[Saved entries]

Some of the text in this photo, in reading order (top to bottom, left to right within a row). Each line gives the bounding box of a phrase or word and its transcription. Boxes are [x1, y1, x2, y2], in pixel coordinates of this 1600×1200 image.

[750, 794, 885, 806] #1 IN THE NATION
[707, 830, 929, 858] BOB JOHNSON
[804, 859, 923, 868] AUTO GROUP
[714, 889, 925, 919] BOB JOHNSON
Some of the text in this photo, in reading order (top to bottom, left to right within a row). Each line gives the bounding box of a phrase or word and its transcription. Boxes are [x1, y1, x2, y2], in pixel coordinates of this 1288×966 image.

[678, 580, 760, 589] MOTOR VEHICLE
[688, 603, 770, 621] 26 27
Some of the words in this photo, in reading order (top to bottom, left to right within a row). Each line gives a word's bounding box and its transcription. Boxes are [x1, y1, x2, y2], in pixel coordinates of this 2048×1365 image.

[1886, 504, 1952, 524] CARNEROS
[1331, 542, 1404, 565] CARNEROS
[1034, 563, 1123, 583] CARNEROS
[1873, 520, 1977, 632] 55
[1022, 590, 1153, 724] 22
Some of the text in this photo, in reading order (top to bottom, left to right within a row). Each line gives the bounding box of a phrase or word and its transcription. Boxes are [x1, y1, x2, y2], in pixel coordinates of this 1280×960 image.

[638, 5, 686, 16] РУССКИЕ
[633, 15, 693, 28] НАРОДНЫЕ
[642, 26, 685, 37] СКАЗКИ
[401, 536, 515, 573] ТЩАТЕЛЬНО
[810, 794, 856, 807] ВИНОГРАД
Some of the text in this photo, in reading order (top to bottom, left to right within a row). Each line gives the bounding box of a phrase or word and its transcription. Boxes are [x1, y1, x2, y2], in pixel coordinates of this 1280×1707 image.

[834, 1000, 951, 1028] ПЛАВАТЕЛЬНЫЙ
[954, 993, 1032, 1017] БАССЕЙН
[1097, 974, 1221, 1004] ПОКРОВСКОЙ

● **WHAT YOU WILL DO**
Return the records in their entirety. Keep every character as it is.

● **SOLUTION BELOW**
Some of the text in this photo, in reading order (top to bottom, left to right within a row). Each line gives the bounding box of a phrase or word and its transcription. Boxes are [x1, y1, x2, y2], in pixel coordinates of this 1600×1200 image.

[750, 794, 885, 806] #1 IN THE NATION
[707, 830, 929, 858] BOB JOHNSON
[804, 859, 923, 868] AUTO GROUP
[714, 889, 925, 919] BOB JOHNSON
Some of the text in this photo, in reading order (top to bottom, left to right within a row). Each line gives the bounding box of a phrase or word and its transcription. Boxes are [x1, y1, x2, y2], in pixel coordinates of this 1288×966 image.

[678, 580, 760, 589] MOTOR VEHICLE
[688, 603, 770, 621] 26 27
Some of the words in this photo, in reading order (top to bottom, left to right within a row). Each line gives a word's bounding box and its transcription. Boxes are [x1, y1, x2, y2], in pixel coordinates of this 2048×1365 image.

[1886, 504, 1952, 524] CARNEROS
[1331, 542, 1404, 565] CARNEROS
[1034, 563, 1123, 583] CARNEROS
[1873, 520, 1977, 632] 55
[1022, 590, 1153, 724] 22
Some of the text in this photo, in reading order (top to bottom, left to right within a row). Each line gives the bounding box of a phrase or word and its transcription. Boxes are [x1, y1, x2, y2], in pixel coordinates of this 1280×960 image.

[638, 5, 686, 16] РУССКИЕ
[633, 15, 693, 28] НАРОДНЫЕ
[642, 26, 685, 37] СКАЗКИ
[401, 536, 515, 573] ТЩАТЕЛЬНО
[810, 794, 856, 807] ВИНОГРАД
Some of the text in this photo, in reading order (top to bottom, left to right within a row). Each line gives the bounding box of a phrase or word and its transcription. Boxes are [x1, y1, x2, y2], in pixel coordinates of this 1280×1707 image.

[834, 1000, 951, 1028] ПЛАВАТЕЛЬНЫЙ
[954, 993, 1032, 1017] БАССЕЙН
[1097, 974, 1221, 1004] ПОКРОВСКОЙ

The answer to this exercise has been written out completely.